What is a Dermatologist?
A dermatologist is a medical doctor (M.D. or D.O.) who specializes in the diagnosis and treatment of medical conditions that affect the skin, hair, and nails.
A dermatologist completes at least three years of specialized dermatology training after graduating from medical school and completing a medical internship. This focused study, research, and training makes a dermatologist the most qualified medical professional for treating and managing skin conditions.
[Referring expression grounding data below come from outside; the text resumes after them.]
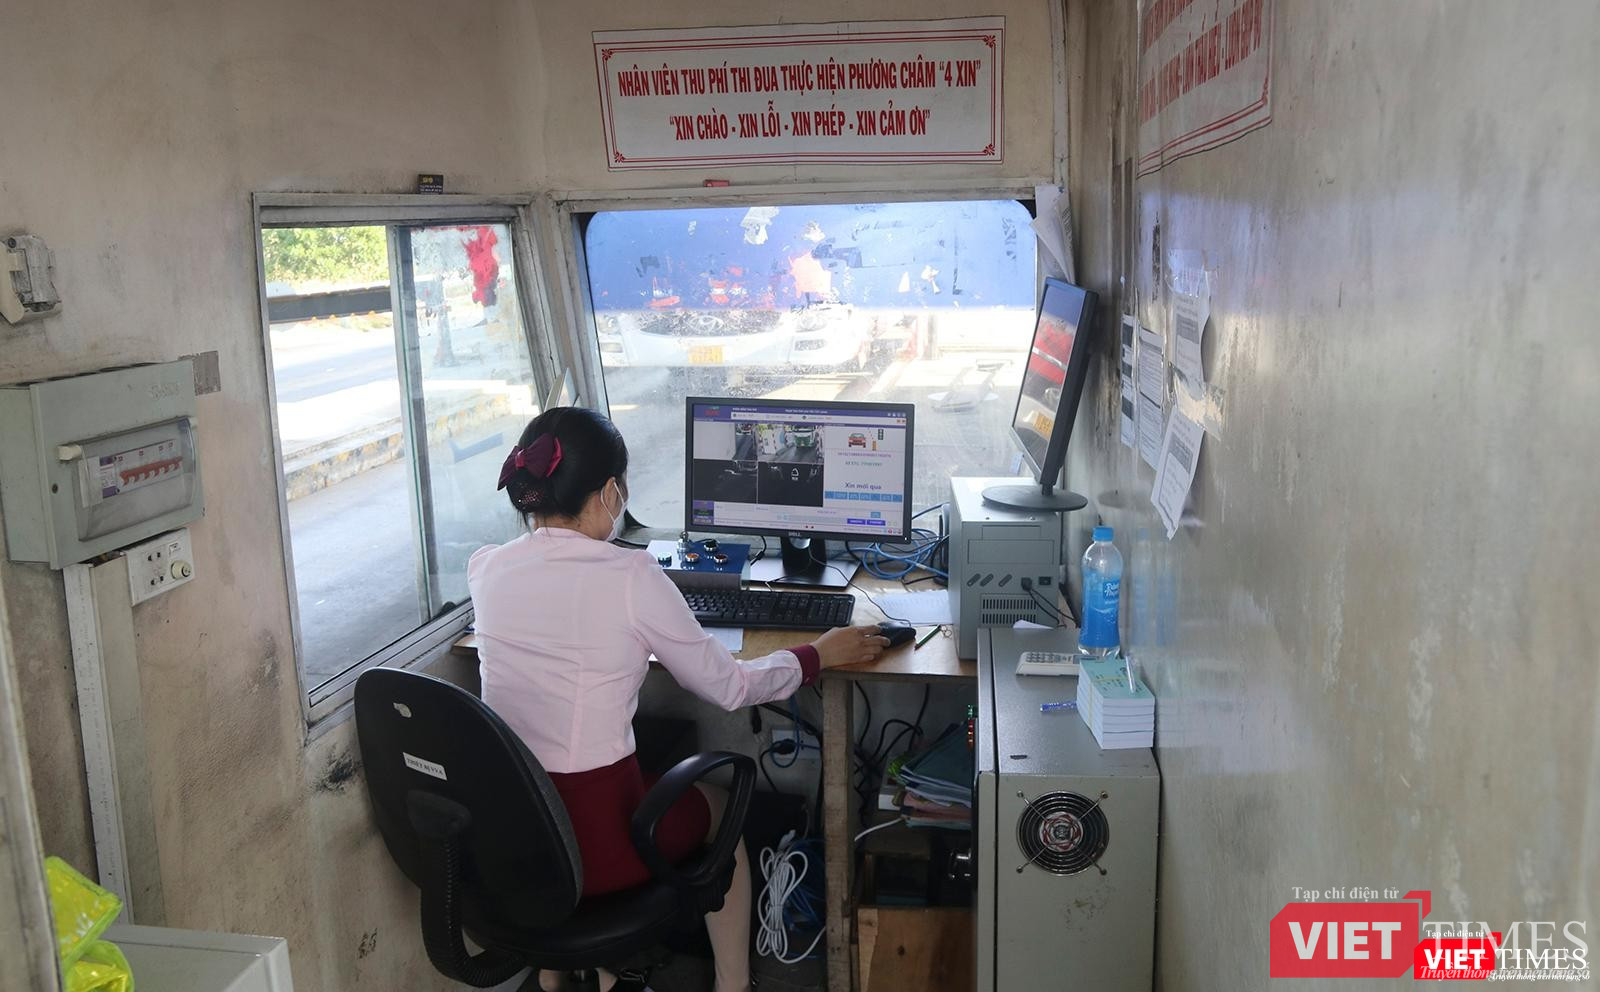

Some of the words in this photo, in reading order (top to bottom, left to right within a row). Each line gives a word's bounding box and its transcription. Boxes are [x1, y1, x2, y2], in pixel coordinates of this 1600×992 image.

[618, 64, 650, 96] NHÂN
[652, 63, 680, 95] VIÊN
[681, 68, 705, 95] THU
[708, 61, 728, 94] PHÍ
[730, 66, 750, 93] THI
[754, 66, 779, 93] ĐUA
[781, 60, 813, 96] THỰC
[816, 57, 845, 95] HIỆN
[849, 58, 897, 90] PHƯƠNG
[901, 54, 935, 89] CHÂM
[697, 108, 728, 140] CHÀO
[738, 113, 759, 138] XIN
[761, 101, 781, 137] LỖI
[791, 111, 811, 137] XIN
[815, 104, 845, 136] PHÉP
[856, 110, 876, 136] XIN
[879, 100, 906, 136] CẢM
Skin conditions commonly treated by dermatologists include:
- Acne that affects both teenagers and adults
- Atopic dermatitis (eczema) that leads to dry, itching, and inflamed skin.
- Psoriasis and its various manifestations including plaque psoriasis and psoriatic arthritis.
- Rosacea, a common skin condition that can lead to redness and swelling.
- Skin cancer, including basal cell carcinoma (BCC), squamous cell carcinoma (SCC), and melanoma, and precancerous lesions, such as actinic keratoses (AKs)
Dermatologists also treat skin conditions arising from systemic and infectious diseases, as well as cosmetic issues that affect a person's appearance. These commonly include the following:
- Hair loss
- Wounds and scars, including acne scars.
- Aging skin and other natural changes, including fine lines, wrinkles, and age spots.